If you’re someone using a Sonos and wondering if the app could get any easier, your wish may just about to come true.
Finding music on the multiroom music system that is Sonos has felt a little clunky over the past few years, possibly as the ecosystem grew. There are more services than ever and more things to listen on the speaker system, not to mention a growing number of speakers to add, whether it’s the mobile Move 2 or something that offers spatial sound such as the Era 300.
Somewhere between all of that, there’s the app that controls everything, and it hasn’t felt great. The speakers are excellent, but the app has been progressively getting worse, with regular disconnects, crashes, and just a user experience that hasn’t been amazing.
Fortunately, it seems Sonos is aware and has been working on that.
In May, Sonos users can expect a new version to roll out, made to be easier to use to find and play music from the over 100 music services available, and supporting all current Sonos devices, plus the few existing models that jumped over to S2 back in 2020.
Sonos told Pickr that S1 will live on if you need to use it, but that its development will stop, with S2 simply becoming “Sonos”, and echoing that simpler logic by become easier to use overall.
“We heard this from our listeners loud and clear. They want easy access,” said Jen Iudice, Director of User Research at Sonos, telling Pickr that the app update was about getting access to relevant content in one place.
The experience will provide a cleaner approach for finding music and playing it across the multiple speakers, with much of the research found through testing with less savvy users.
Sonos has seen so many iterations and changes over the years, it can be all too easy to forget where it came from.
The 22 year old company can now legally drink in the country it was born in (America), and produces some seriously well-made technology.
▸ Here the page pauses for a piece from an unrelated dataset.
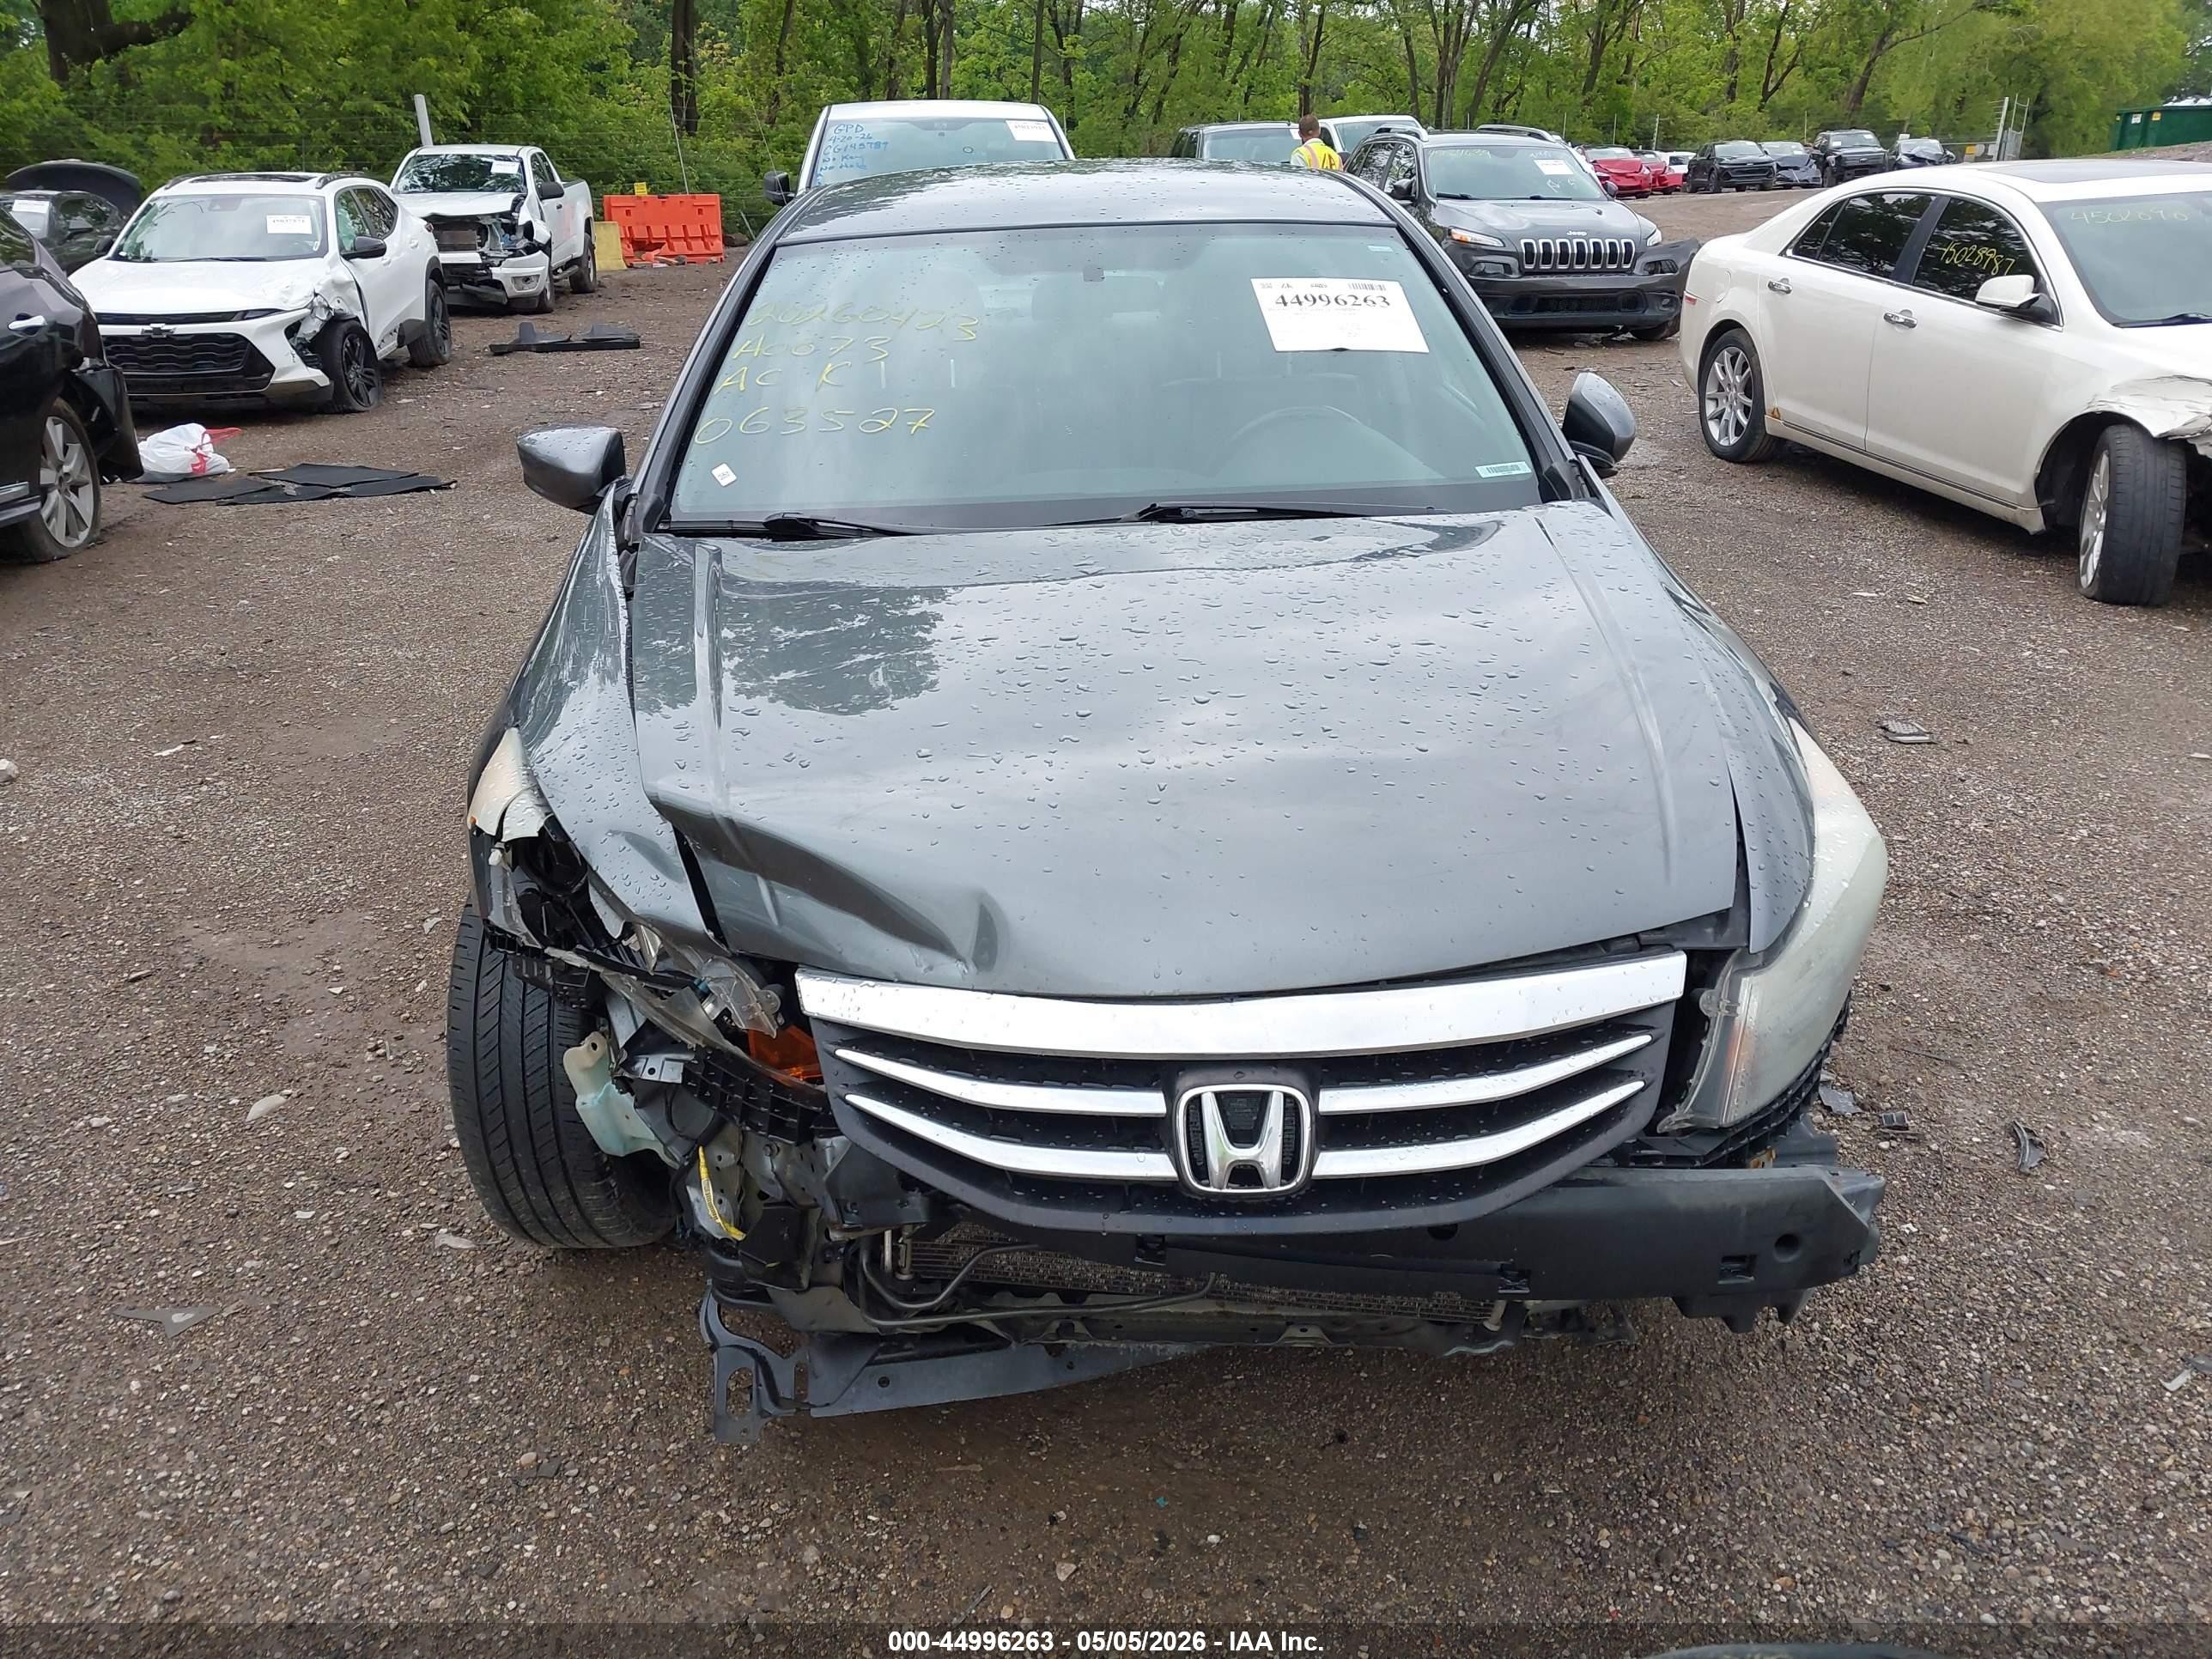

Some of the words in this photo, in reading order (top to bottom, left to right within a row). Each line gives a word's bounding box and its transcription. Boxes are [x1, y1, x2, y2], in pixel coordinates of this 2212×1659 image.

[834, 124, 865, 135] GPD
[1275, 293, 1391, 308] 44996263
[695, 407, 935, 445] 063527
Almost every Sonos gadget reviewed at Pickr gets high scores, and that’s a testament to the work the company puts in.
Iudice told Pickr that this has largely been reflected in the app update coming shortly, with research that has seen six methods, over 200 participants, over 2600 beta participants surveyed, and a good 13 months of research and development applied.
That’s just for an app, all to make the experience of using a sound system better.
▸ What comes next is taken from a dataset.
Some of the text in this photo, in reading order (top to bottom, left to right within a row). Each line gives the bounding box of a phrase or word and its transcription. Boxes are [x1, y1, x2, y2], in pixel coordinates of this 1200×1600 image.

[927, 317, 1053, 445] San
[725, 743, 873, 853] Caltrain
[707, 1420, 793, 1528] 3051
“Everyone wants their experience to be easier,” she told Pickr.
That experience will be extended to desktops, as well. While the mobiles we rely on day in and day out are the main devices to control a music system, Sonos will support the desktop with a web app in the new version, and that’s interesting for two reasons.
One, it brings back the Sonos desktop app, something that has largely been missing in action for a while now. The other reason a desktop web app is interesting is because being web-based opens up the opportunity for Sonos to implement remote web controls for Sonos speakers when you’re not there.
Much like how Spotify subscribers can control speakers remotely using Spotify Connect, it is entirely possible that Sonos could roll out remote support on its web app at some point in the future.
When asked if remote web app support would be added to the new Sonos app, a representative for Sonos told Pickr that:
We’re continuing to explore additional features and will roll out more updates to the app over time, but we don’t have anything to share on this.
That’s suggestive remote control for when you’re not home won’t be that at launch in May, but could come later on.
For now, the new app experience is set to roll out on May 7, boasting improvements to how you find and play music, control group volumes, and even letting you control and curate your own home screen menu for the app, as well.